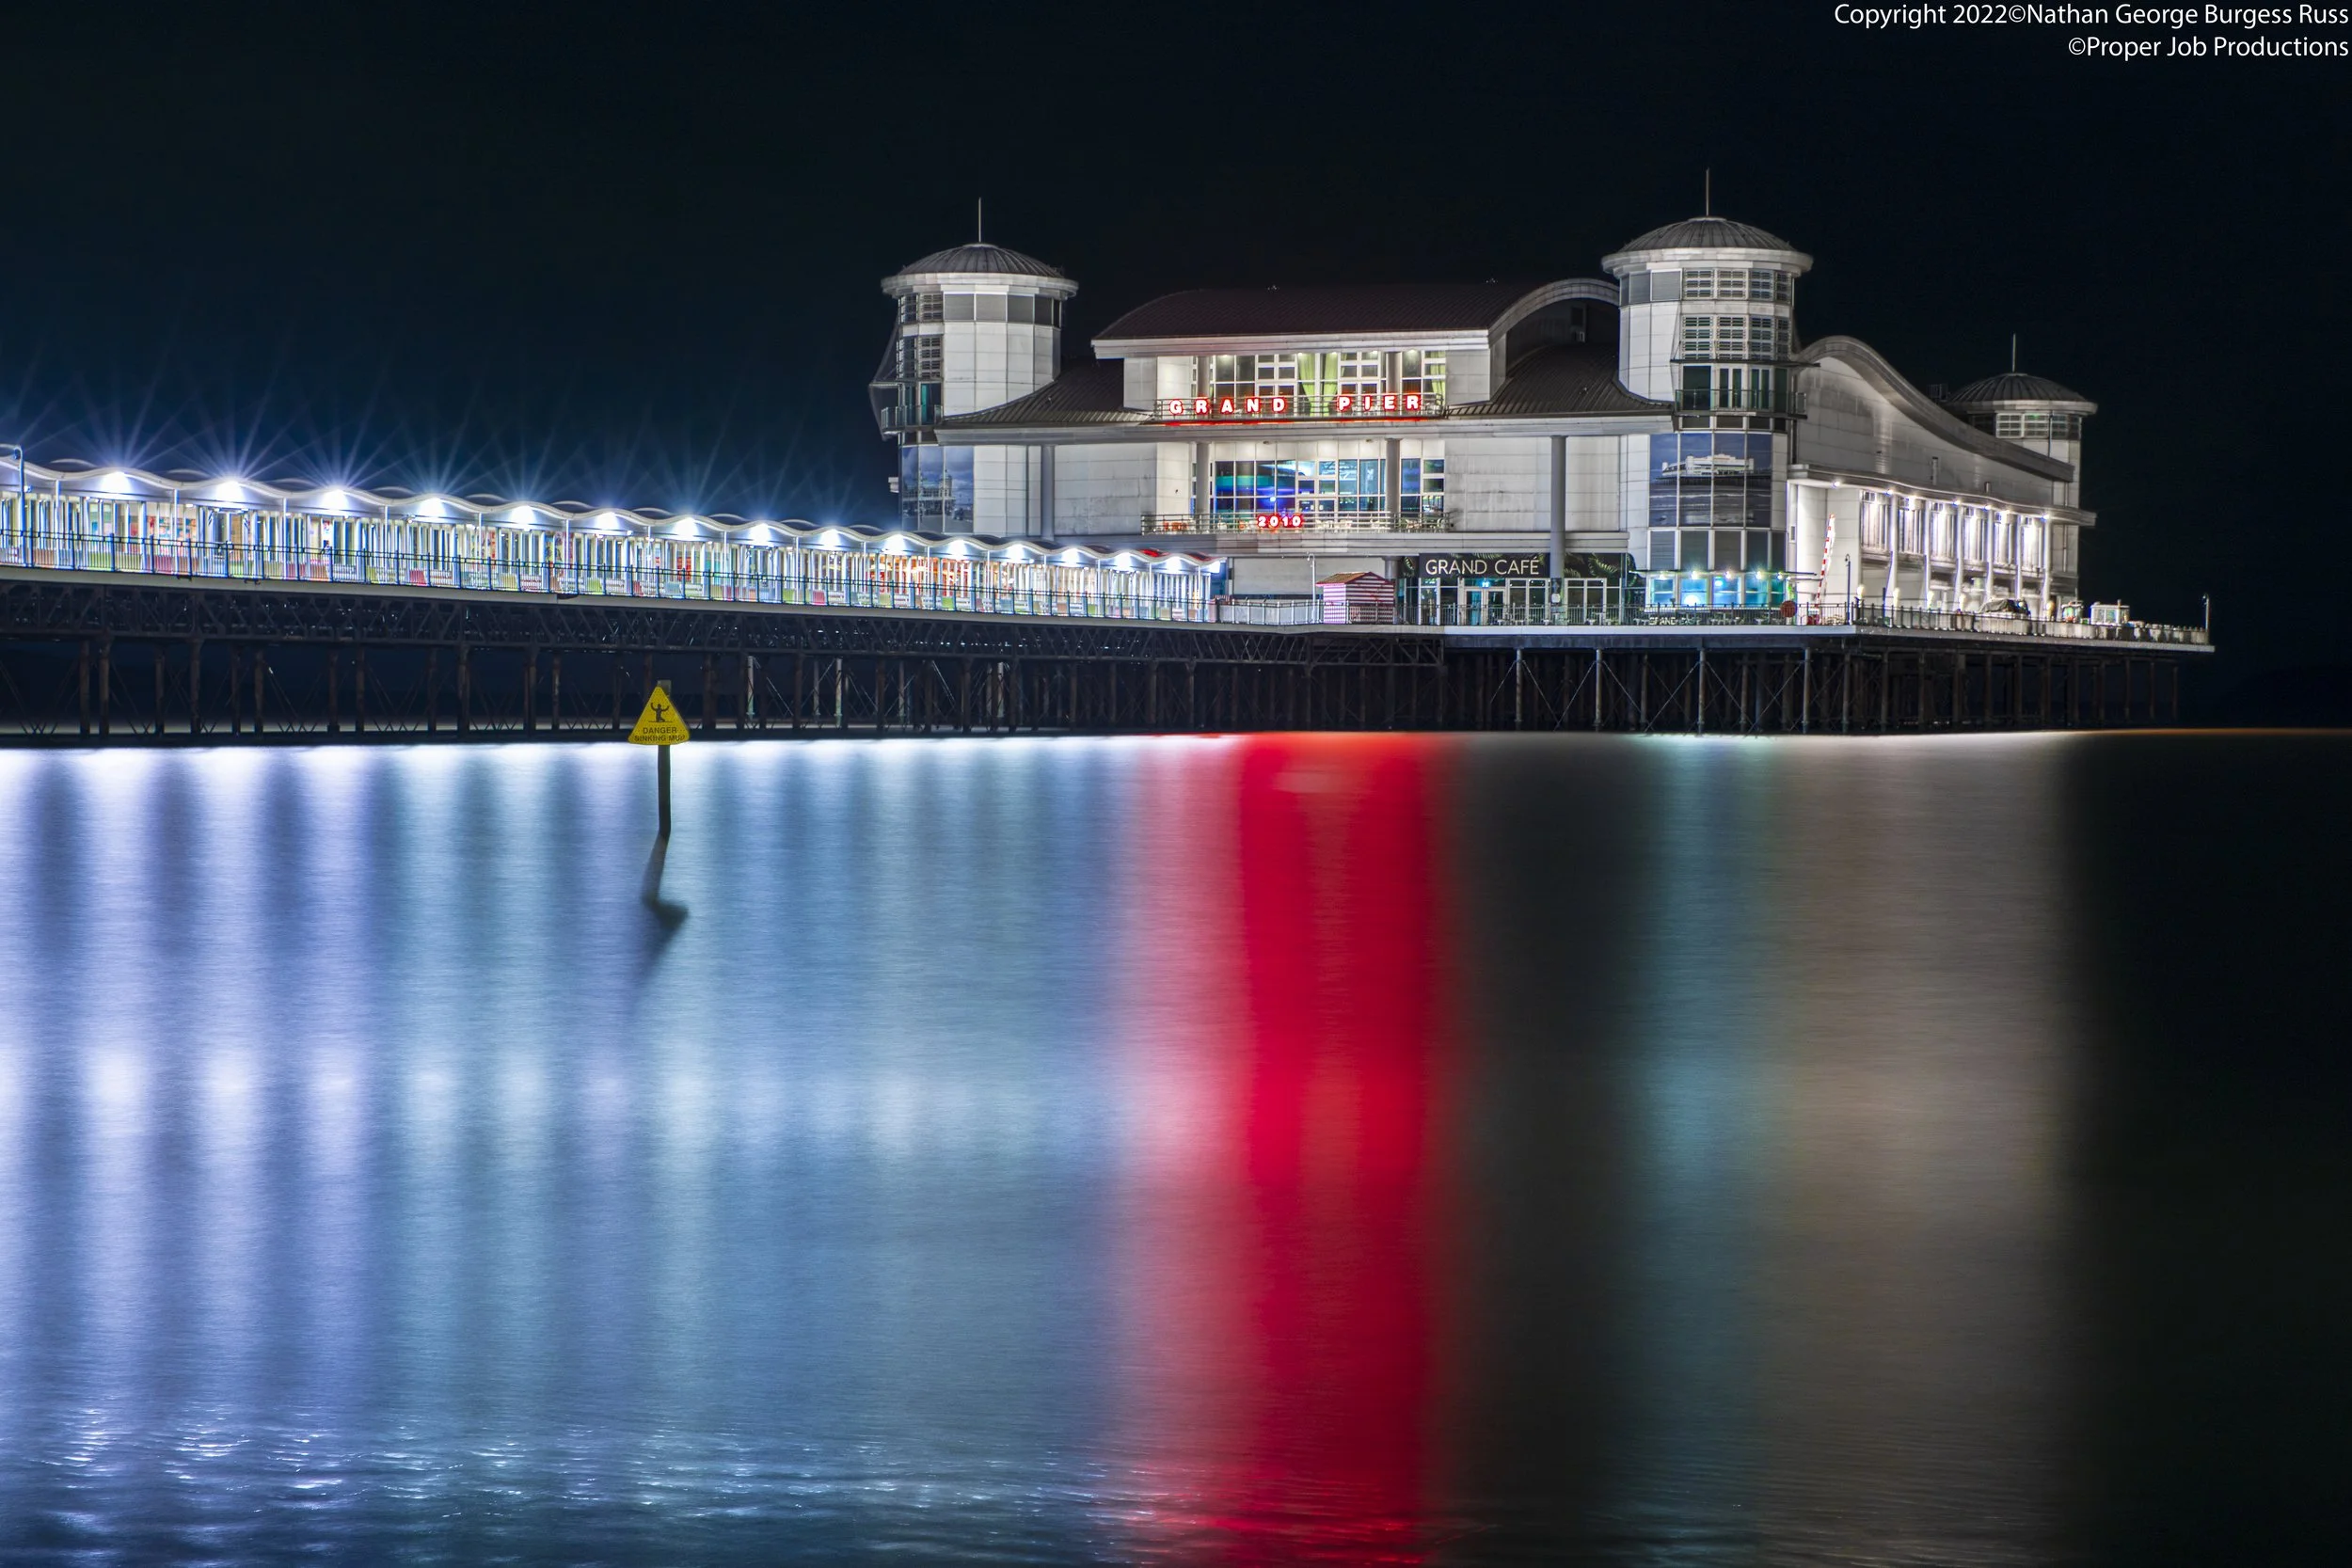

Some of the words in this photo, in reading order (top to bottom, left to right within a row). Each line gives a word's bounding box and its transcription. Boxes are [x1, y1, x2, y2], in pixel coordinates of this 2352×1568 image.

[1168, 397, 1287, 415] GRAND
[1337, 394, 1422, 412] PIER
[1257, 515, 1302, 528] 2010
[1424, 559, 1488, 575] GRAND
[1493, 556, 1540, 575] CAFÉ
[643, 726, 677, 735] DANGER
[634, 734, 667, 742] SINKING
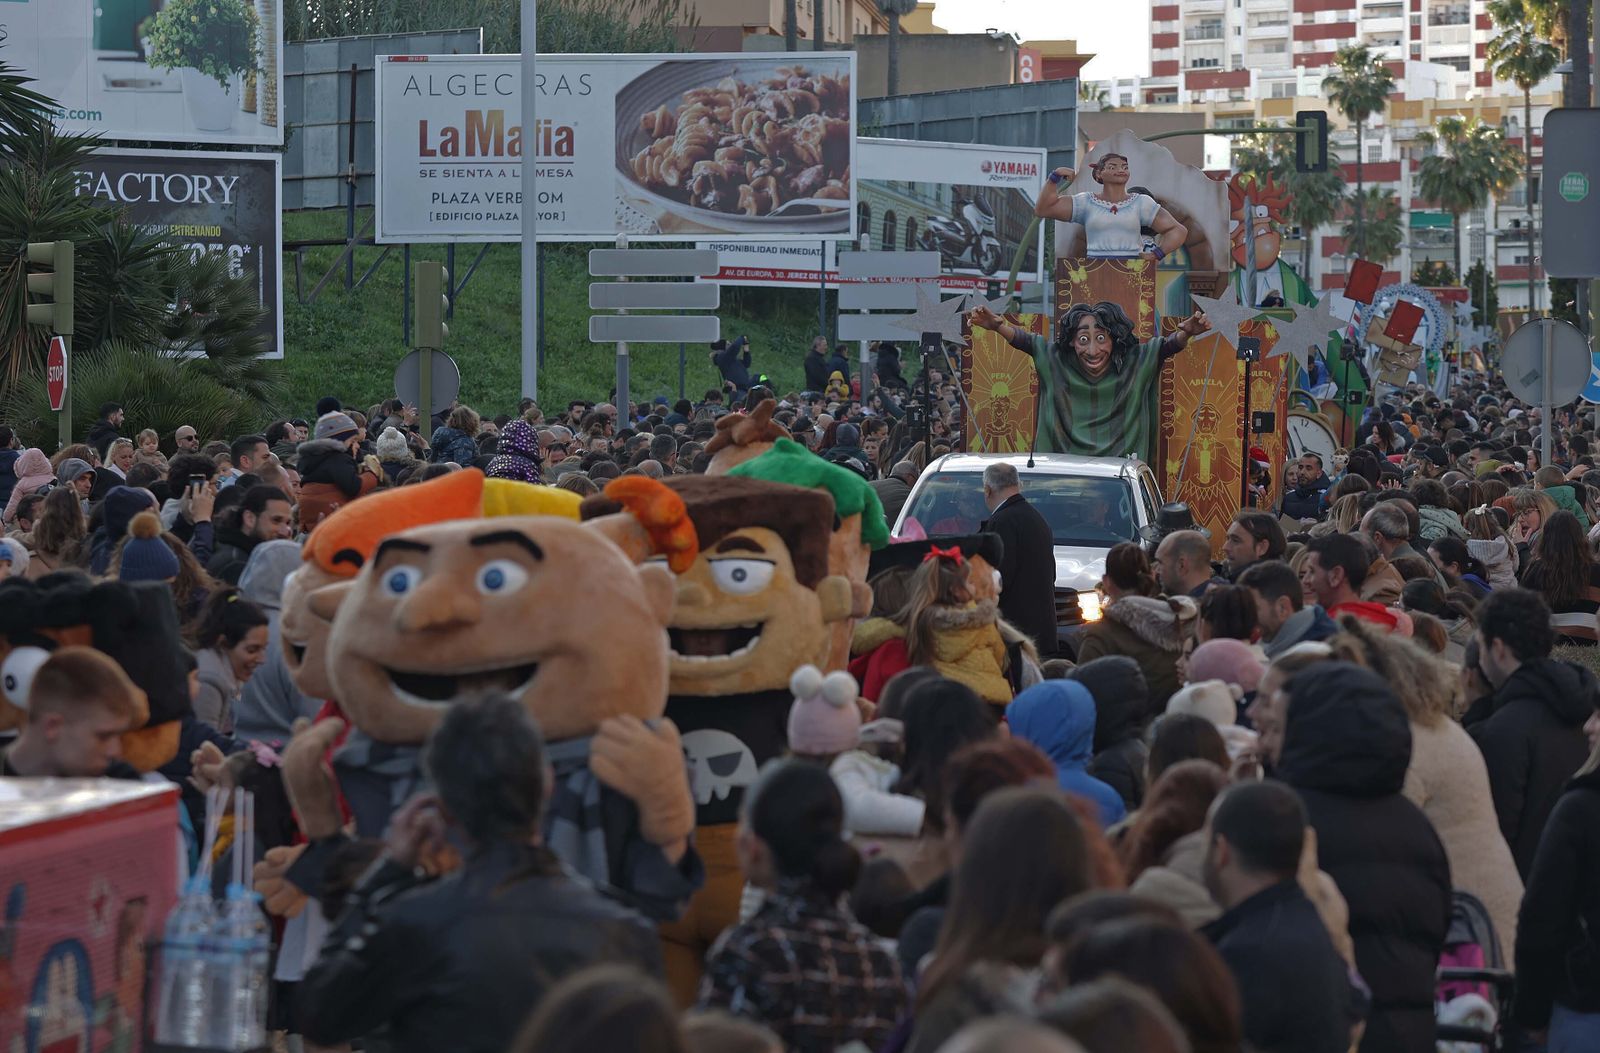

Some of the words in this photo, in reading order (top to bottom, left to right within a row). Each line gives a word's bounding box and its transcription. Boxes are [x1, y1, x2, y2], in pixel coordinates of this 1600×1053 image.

[403, 73, 592, 96] ALGECRAS
[419, 169, 437, 178] SE
[442, 169, 493, 178] SIENTA
[498, 169, 506, 177] A
[536, 169, 574, 178] MESA
[994, 161, 1037, 176] YAMAHA
[73, 171, 240, 204] FACTORY
[432, 192, 480, 204] PLAZA
[485, 192, 563, 204] VERBOM
[486, 213, 519, 221] PLAZA
[170, 224, 221, 237] ENTRENANDO
[709, 244, 778, 254] DISPONIBILIDAD
[49, 366, 63, 382] STOP
[1250, 370, 1272, 378] ULIETA
************
Keep to the lines from the one containing "this 1600×1053 image." to the end of the entries above, and retype them exactly.

_ANSWER SPACE_.
Some of the words in this photo, in reading order (top to bottom, left to right within a row). Each line gives a word's bounding box and its transcription. Boxes are [x1, y1, x2, y2], in pixel coordinates of this 1600×1053 image.

[403, 73, 592, 96] ALGECRAS
[419, 169, 437, 178] SE
[442, 169, 493, 178] SIENTA
[498, 169, 506, 177] A
[536, 169, 574, 178] MESA
[994, 161, 1037, 176] YAMAHA
[73, 171, 240, 204] FACTORY
[432, 192, 480, 204] PLAZA
[485, 192, 563, 204] VERBOM
[486, 213, 519, 221] PLAZA
[170, 224, 221, 237] ENTRENANDO
[709, 244, 778, 254] DISPONIBILIDAD
[49, 366, 63, 382] STOP
[1250, 370, 1272, 378] ULIETA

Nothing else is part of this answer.